Après des décennies de mauvaise gouvernance et ses conséquences désastreuses, la Guinée, réputée être le pays des rendez-vous manqués, se retrouve encore à la croisée des Chemins.

La junte, aux commandes depuis le 5 septembre 2022, date de la fin brutale du règne d’Alpha Condé, vient de décliner la durée de la transition qui devrait aboutir à l’élection d’un Président civil. La transition dirigée par le Colonel Doumbouya annonce de grandes réformes juridique, économique, sociale et foncière. La majorité de la population salue les actes posés par la junte jusqu’à maintenant. Nombreux sont sceptiques quant à l’issue de la transition. La question cruciale : la junte parviendra-t-elle à organiser des élections libres, démocratiques, transparentes et crédibles comme elle le promet ?
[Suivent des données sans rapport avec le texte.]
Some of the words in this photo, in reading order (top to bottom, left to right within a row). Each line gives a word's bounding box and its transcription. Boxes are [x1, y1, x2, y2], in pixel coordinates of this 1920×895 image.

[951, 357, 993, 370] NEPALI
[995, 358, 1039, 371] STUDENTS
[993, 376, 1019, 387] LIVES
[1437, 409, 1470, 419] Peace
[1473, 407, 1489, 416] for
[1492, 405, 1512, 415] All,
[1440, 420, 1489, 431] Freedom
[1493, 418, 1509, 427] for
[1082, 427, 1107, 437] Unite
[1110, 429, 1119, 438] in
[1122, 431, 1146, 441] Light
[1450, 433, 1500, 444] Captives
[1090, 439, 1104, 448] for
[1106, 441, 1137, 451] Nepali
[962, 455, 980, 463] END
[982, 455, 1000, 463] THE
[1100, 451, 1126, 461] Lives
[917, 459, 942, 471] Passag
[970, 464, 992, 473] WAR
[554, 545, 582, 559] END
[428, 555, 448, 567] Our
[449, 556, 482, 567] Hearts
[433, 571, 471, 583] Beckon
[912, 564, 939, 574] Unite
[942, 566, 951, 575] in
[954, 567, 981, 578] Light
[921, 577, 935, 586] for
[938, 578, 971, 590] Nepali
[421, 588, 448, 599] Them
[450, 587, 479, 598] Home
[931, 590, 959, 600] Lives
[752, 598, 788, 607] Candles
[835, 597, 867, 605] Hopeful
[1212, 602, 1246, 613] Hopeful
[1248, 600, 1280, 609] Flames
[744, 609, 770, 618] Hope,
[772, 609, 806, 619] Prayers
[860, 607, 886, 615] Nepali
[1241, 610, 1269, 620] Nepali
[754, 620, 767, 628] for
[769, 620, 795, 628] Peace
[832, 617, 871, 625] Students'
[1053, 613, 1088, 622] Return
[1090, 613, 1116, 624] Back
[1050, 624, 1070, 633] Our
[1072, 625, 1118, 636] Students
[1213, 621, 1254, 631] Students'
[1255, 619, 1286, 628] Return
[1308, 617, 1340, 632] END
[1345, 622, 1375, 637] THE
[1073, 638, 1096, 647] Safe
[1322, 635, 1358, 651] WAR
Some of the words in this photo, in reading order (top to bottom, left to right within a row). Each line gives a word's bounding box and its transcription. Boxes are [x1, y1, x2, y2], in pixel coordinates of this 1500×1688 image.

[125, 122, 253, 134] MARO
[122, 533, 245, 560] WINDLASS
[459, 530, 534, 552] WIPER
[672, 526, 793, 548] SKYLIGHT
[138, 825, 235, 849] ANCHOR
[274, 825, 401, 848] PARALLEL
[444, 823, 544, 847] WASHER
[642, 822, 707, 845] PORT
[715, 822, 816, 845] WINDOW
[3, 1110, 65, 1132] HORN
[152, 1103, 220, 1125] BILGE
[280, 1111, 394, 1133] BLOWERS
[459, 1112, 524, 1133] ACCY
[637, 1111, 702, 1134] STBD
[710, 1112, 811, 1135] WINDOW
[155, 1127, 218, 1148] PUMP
Le CNRD, bien des Guinéens, à tort ou à raison, le taxent d’être le RPG sans Alpha Condé : accusé de nominations à relent ethnique et régionaliste, de complaisance vis-à-vis des barons du régime défunt malgré les poursuites déjà annoncées, le CNRD risque d’être confronté à des sérieuses difficultés dans l’organisation et la conduite de ces élections dans la neutralité et l’impartialité. Malgré ses déclarations de bonne intention, la junte au pouvoir est soupçonnée par certains acteurs politiques et de la société civile d’avoir un agenda caché voire une appartenance politique dans la lutte en perspective pour le contrôle du pays.

La récupération des domaines supposés appartenir à l’Etat et les méthodes utilisées contre les anciens premiers ministres et dirigeants des grands partis politiques de l’opposition confortent ces soupçons et commencent à créer une certaine méfiance vis-à-vis des dirigeants de la junte.

La Guinée parviendra-t-elle cette fois à rompre avec la tradition des élections bâclées comme celles de 2010, qui ont vu l’avènement d’Alpha Condé au pouvoir ? C’est un pronostic difficile quand on connait la place qu’occupent la communauté et la tribu dans la vie politique nationale. Le CNRD et le Conlonel Mamadi Doumbouya pourront-ils résister aux pressions communautaires et autres clans et réseaux d’influence ? Bien malin qui pourra nous le dire.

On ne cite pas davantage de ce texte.